Amazon announced today it has begun to ask customers to participate in a preview program that will help the company build a Spanish-language Alexa experience for U.S. users. The program, which is currently invite-only, will allow Amazon to incorporate into the U.S. Spanish-language experience a better understanding of things like word choice and local humor, as it has done with prior language launches in other regions. In addition, developers have been invited to begin building Spanish-language skills, also starting today, using the Alexa Skills Kit.

The latter was announced on the Alexa blog, noting that any skills created now will be made available to the customers in the preview program for the time being. They’ll then roll out to all customers when Alexa launches in the U.S. with Spanish-language support later this year.

Manufacturers who want to build “Alexa Built-in” products for Spanish-speaking customers can also now request early access to a related Alexa Voice Services (AVS) developer preview. Amazon says that Bose, Facebook and Sony are preparing to do so, while smart home device makers, including Philips, TP Link and Honeywell Home, will bring to U.S. users “Works with Alexa” devices that support Spanish.
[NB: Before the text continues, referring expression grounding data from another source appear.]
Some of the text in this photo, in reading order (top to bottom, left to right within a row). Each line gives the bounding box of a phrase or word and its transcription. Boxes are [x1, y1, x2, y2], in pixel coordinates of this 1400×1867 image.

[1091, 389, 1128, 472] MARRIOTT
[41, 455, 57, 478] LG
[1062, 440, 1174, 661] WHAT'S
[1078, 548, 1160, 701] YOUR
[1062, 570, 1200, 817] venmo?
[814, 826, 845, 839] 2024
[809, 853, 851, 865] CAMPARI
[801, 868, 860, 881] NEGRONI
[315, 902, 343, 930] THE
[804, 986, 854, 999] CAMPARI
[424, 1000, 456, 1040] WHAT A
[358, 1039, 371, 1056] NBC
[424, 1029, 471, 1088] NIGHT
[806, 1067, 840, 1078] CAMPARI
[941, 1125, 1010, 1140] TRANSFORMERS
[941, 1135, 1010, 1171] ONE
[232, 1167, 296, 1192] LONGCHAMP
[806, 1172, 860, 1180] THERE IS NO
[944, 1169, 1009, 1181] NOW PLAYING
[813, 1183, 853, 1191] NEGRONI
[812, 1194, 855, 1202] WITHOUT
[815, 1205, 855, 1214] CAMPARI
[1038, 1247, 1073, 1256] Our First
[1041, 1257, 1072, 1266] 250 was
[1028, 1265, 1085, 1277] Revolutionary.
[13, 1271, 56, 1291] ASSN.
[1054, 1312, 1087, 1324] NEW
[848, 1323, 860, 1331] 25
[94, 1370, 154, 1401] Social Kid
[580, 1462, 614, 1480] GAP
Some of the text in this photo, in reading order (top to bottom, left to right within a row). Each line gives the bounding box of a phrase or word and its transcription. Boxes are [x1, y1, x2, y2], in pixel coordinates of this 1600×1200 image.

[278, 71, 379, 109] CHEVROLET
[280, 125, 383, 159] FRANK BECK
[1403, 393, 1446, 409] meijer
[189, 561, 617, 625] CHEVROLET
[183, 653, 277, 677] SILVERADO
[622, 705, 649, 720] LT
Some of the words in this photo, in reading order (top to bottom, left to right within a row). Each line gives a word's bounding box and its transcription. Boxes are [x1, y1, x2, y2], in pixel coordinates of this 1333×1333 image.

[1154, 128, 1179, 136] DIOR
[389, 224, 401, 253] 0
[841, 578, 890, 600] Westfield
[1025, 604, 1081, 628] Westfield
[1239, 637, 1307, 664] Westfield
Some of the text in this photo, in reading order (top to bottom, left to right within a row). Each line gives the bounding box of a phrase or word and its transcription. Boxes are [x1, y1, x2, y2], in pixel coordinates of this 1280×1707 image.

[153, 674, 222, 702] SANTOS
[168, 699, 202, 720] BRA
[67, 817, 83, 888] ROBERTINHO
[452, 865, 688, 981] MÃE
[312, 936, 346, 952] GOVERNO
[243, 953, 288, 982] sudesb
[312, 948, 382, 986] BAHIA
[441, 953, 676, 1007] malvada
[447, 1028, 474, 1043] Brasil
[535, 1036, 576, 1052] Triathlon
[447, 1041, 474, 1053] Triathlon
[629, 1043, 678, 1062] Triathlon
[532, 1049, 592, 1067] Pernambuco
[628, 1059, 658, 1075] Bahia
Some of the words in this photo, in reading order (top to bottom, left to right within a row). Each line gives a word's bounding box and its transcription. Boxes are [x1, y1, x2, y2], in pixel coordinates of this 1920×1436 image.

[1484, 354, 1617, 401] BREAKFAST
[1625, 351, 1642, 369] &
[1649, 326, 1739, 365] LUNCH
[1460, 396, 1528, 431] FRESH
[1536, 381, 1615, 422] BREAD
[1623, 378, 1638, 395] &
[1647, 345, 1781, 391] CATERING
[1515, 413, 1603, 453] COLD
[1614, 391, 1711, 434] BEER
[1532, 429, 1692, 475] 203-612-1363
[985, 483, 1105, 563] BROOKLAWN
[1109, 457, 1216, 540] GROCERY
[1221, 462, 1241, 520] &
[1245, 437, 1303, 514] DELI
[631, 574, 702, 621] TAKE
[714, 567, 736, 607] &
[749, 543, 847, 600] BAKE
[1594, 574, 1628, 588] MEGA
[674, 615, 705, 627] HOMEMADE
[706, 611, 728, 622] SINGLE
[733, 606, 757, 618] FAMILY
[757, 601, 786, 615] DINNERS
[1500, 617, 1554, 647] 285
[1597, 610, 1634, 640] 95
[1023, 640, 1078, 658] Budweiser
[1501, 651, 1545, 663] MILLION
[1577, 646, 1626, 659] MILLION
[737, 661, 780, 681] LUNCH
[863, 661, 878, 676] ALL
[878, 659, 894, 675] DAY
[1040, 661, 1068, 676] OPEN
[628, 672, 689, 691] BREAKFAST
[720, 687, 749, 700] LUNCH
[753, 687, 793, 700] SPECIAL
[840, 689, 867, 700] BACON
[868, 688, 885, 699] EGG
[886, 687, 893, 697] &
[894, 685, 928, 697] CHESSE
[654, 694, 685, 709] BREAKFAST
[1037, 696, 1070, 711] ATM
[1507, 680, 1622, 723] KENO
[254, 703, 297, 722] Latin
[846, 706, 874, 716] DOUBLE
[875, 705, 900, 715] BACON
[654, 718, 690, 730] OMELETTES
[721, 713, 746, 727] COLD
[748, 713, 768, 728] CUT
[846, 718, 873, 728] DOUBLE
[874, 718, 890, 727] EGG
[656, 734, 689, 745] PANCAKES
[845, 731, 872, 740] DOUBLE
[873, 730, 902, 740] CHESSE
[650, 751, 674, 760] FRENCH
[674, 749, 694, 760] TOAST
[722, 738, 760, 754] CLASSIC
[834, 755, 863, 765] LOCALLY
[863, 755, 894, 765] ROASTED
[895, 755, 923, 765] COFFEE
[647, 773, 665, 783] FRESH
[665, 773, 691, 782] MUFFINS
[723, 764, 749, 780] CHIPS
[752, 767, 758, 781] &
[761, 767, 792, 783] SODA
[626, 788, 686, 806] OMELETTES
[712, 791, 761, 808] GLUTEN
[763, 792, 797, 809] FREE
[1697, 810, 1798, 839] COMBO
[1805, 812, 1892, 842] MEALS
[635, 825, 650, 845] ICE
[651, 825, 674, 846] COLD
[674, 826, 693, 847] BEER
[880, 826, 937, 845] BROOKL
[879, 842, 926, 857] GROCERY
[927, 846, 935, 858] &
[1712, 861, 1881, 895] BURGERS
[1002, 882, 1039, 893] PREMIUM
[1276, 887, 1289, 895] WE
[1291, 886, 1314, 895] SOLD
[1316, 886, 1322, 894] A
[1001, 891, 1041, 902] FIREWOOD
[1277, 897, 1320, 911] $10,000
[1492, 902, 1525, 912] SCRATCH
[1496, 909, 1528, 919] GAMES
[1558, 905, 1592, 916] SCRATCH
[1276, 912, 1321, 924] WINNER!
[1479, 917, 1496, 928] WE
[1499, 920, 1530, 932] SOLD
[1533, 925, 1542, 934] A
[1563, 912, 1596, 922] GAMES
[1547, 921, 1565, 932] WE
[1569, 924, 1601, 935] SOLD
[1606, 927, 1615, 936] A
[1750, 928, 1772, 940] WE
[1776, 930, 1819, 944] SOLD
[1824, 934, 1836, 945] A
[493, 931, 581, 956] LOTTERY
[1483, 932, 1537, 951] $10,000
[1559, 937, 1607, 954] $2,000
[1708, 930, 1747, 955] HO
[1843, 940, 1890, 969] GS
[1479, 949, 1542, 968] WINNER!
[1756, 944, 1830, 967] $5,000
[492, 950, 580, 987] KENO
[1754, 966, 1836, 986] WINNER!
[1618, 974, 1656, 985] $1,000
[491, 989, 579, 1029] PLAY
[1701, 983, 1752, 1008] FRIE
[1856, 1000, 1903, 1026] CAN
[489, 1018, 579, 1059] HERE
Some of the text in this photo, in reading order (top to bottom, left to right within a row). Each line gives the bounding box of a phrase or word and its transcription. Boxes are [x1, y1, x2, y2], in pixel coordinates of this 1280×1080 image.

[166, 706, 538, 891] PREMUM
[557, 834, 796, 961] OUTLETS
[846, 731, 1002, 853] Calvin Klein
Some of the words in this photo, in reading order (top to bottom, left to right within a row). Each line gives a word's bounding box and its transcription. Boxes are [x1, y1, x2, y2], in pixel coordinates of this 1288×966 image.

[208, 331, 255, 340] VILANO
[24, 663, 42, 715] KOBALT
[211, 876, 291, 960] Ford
Ahead of today, Alexa had supported Spanish language skills, but only in Spain and Mexico — not in the U.S. Those developers can opt to extend their existing skills to U.S. customers, Amazon says.

In addition to Spanish, developers have also been able to create skills in English in the U.S., U.K., Canada, Australia, and India; as well as in German, Japanese, French (in France and in Canada), and Portuguese (in Brazil). But on the language front, Google has had a decided advantage thanks to its work with Google Voice Search and Google Translate over the years.

Last summer, Google Home rolled out support for Spanish, in addition to launching the device in Spain and Mexico.

Amazon also trails Apple in terms of support for Spanish in the U.S., as Apple added support for Spanish to the HomePod in the U.S., Spain and Mexico in September 2018.

Spanish is a widely spoken language in the U.S. According to a 2015 report by Instituto Cervantes, the United States has the second highest concentration of Spanish speakers in the world, following Mexico. At the time of the report, there were 53 million people who spoke Spanish in the U.S. — a figure that included 41 million native Spanish speakers, and approximately 11.6 million bilingual Spanish speakers.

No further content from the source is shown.